Major nutrients Copper (36.11%)
Tryptophan (27.95%)
Isoleucine (26.50%)
Valine (25.33%)
Threonine (21.88%)
Breadfruit is a multipurpose species whose all parts are used. The trees of Breadfruit are known as the plants with highest food yield. Breadfruit prefers deep, well-drained, fertile soils ─ sandy-loams, sands, sandy clay loams, loams to sandy coralline soils. The tree is tolerable to salt and drought but is sensitive to cold. The trees measures 85 feet high and trunk measures more than 2 meters in diameter. Each tree could produce 50 to 150 fruits in a year. Fruits are oval, round and oblong which weighs about 12 pounds.

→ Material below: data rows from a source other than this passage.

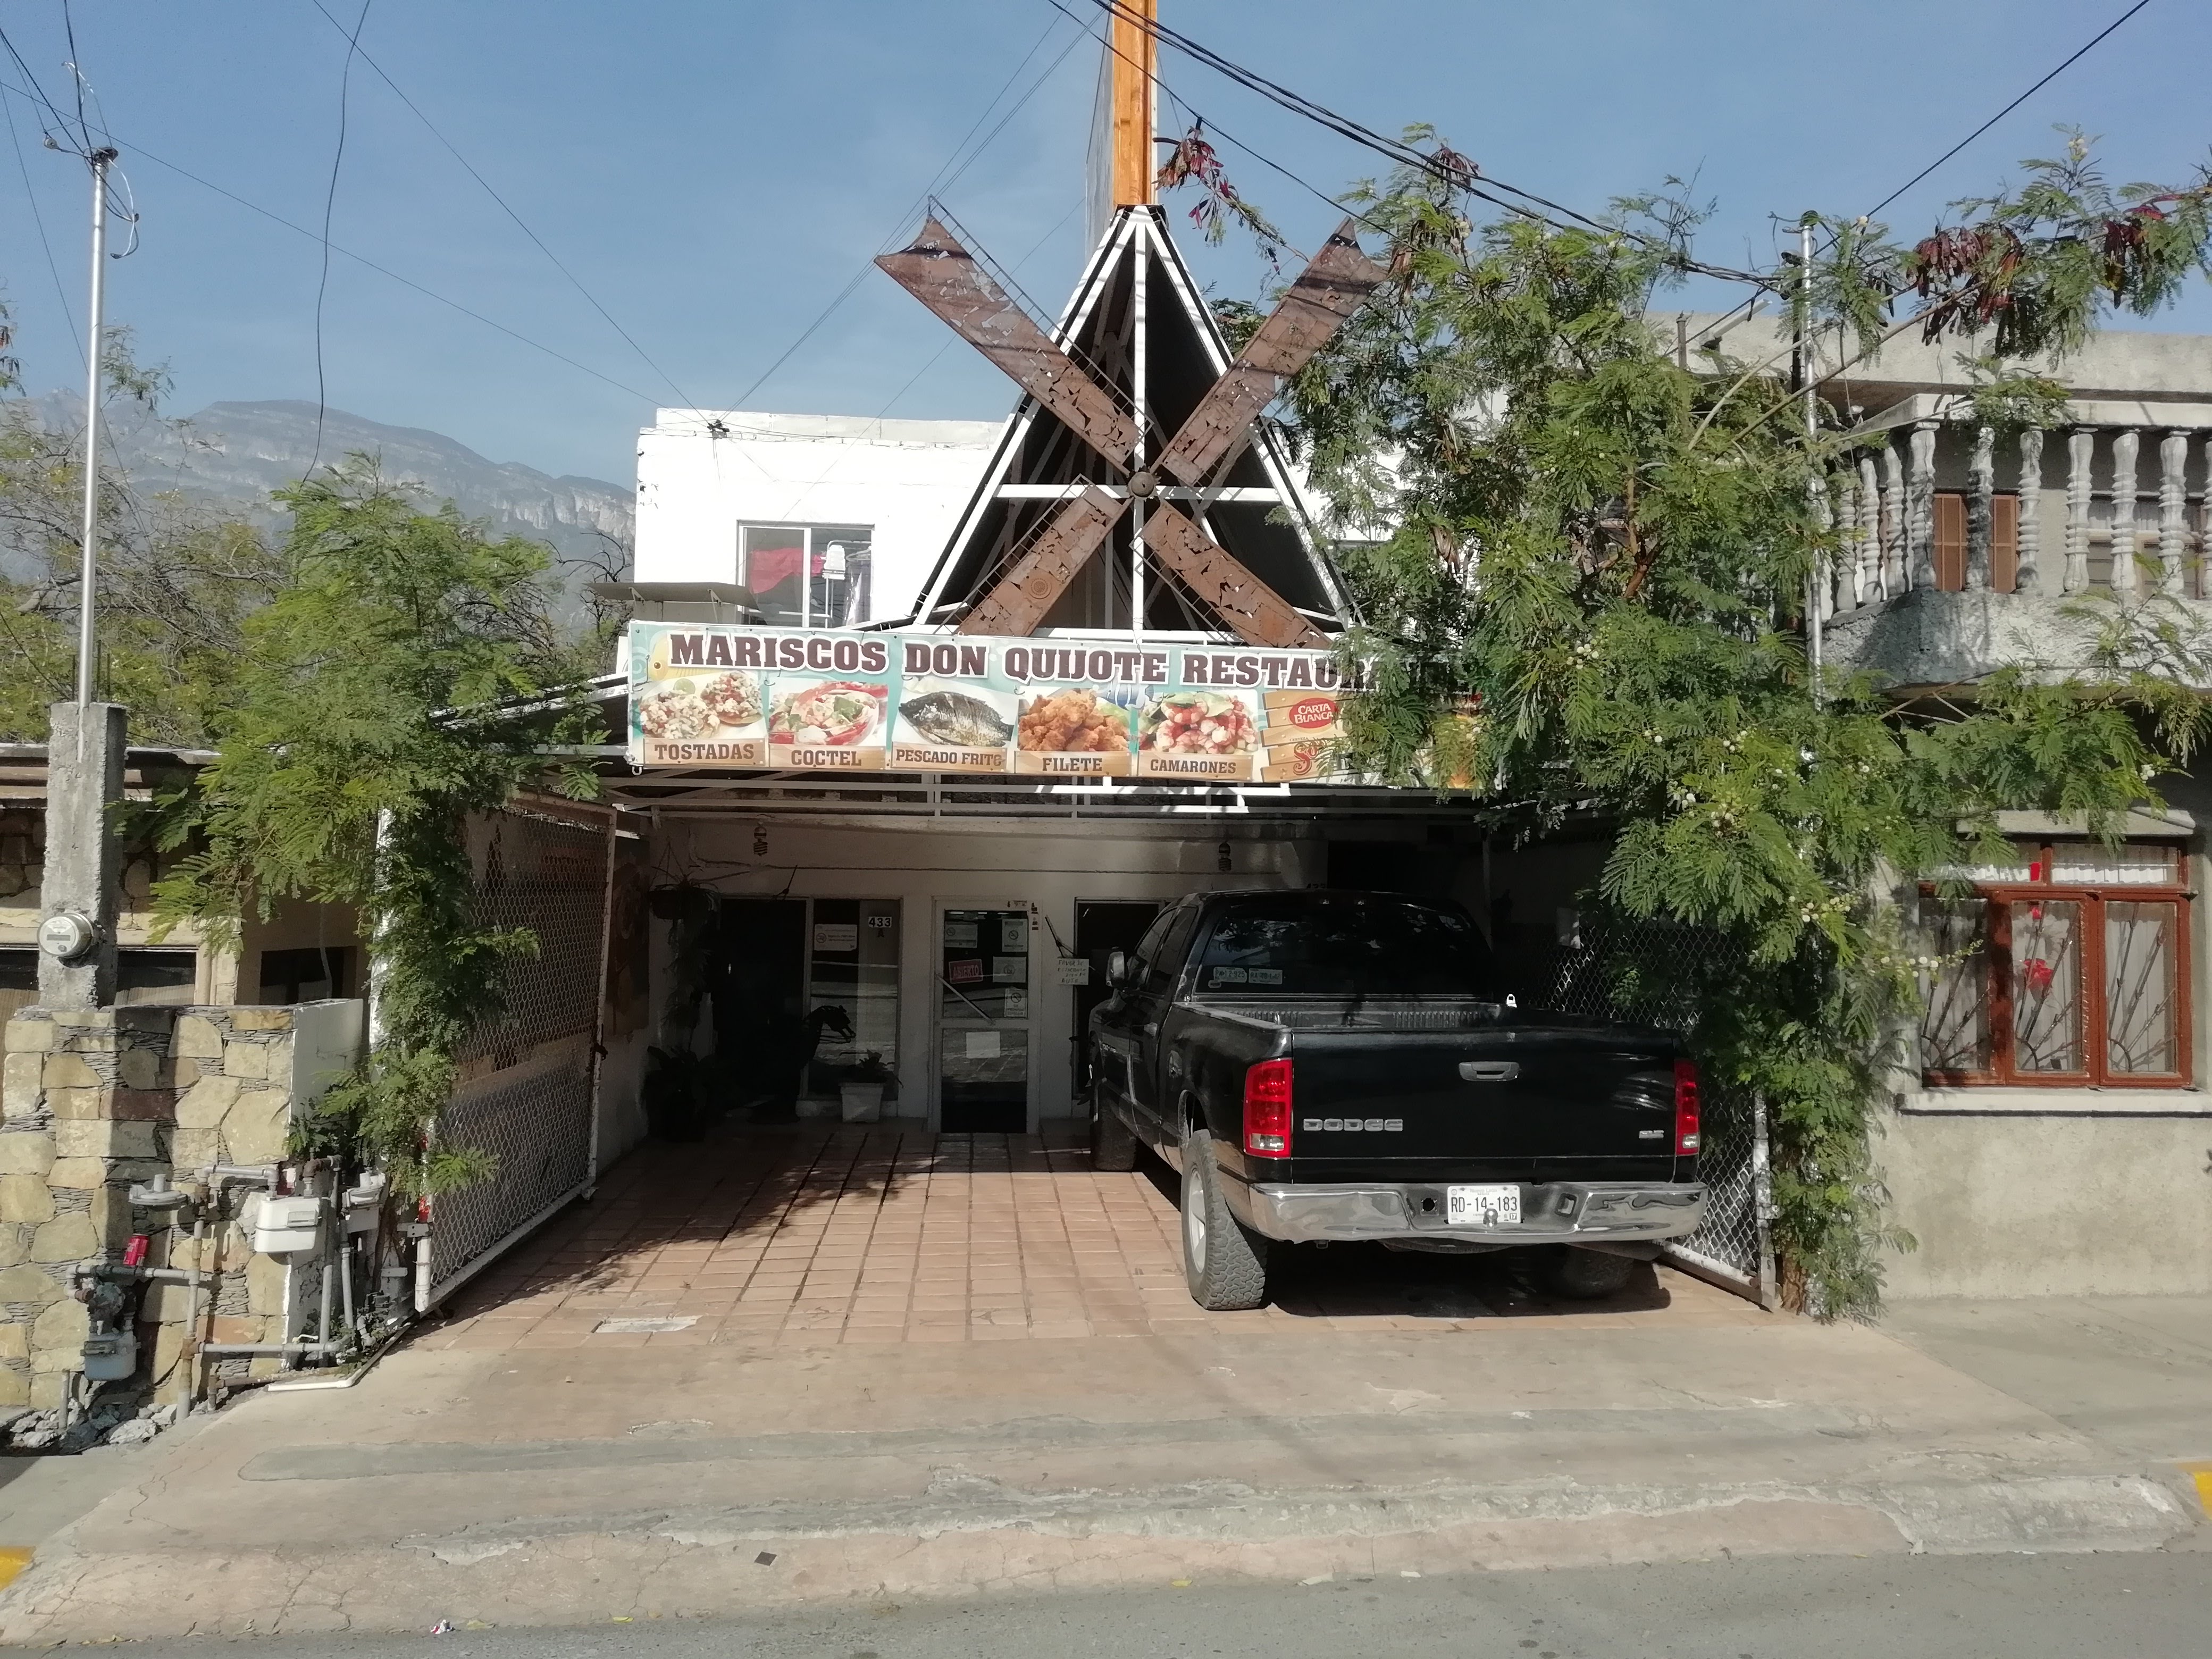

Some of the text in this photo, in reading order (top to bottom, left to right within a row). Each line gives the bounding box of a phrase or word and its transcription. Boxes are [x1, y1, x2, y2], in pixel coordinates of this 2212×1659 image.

[670, 634, 887, 672] MARISCOS
[905, 643, 987, 675] DON
[1005, 647, 1168, 683] QUIJOTE
[1297, 703, 1331, 715] CARTA
[1294, 711, 1333, 724] BLANCA
[654, 743, 755, 761] TOSTADAS
[791, 750, 862, 766] COCTEL
[896, 749, 1003, 766] PESCADO FRITO
[1042, 757, 1103, 772] FILETE
[1150, 759, 1236, 774] CAMARONES
[869, 917, 891, 927] 433
[952, 964, 979, 979] ABIERTO
[1303, 1118, 1403, 1131] DODGE
[1451, 1196, 1517, 1212] RD-14-183

It contains obovoid or rounded, irregularly compressed seeds measuring 1 to 3 cm long. Seeds are quite similar to chestnuts. It possesses thin hard shell outside and sweet or creamy inside when cooked. An inner meat of nut is enclosed with a brown membrane. The latex sap is present in all parts of tree which is used as sealant for canoe caulking. The wood is durable and light with light golden color which darkens with age. The wood is used for construction of canoes and houses and also carved into statues, bowls, furniture, handicrafts and others.

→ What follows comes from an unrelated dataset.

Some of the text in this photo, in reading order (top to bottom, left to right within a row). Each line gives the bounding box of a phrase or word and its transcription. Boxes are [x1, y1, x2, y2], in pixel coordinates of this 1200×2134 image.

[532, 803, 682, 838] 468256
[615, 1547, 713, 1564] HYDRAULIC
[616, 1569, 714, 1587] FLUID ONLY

Being a versatile fruit, Breadfruit could be prepared and consumed in all stages of development as well as maturity. Ripe or mature fruit is consumed as vegetable. It is widely used in various dishes due to its texture like potato. Breadfruit is free from gluten and is loaded with nutrients. It has high content of carbohydrates and is a great source of calcium, antioxidants, copper, carotenoids, iron, energy, dietary fiber, omega 3, niacin, omega 6, potassium, phosphorus, thiamine, protein, vitamin C and Vitamin A. 100 grams of seeds provides about 7.4 grams or 13 percent of daily recommended values.

Traditional uses

  • Seeds contain moderate amounts of protein.
  • Dehusk the seeds before consumption to prevent obesity.


  • Uncooked seeds should not be consumed raw because it is bitter in taste and might cause choke.
  • People having health problems should consult the doctor for use.

How to Eat         

  • Seeds are consumed after roasting, boiling, frying or baking.
  • Seeds are cooked in salted water and roasted with salt over fire or hot coals before consumption.
  • Seeds are sun dried and used like nuts and kernels.
  • It is also used to make puree.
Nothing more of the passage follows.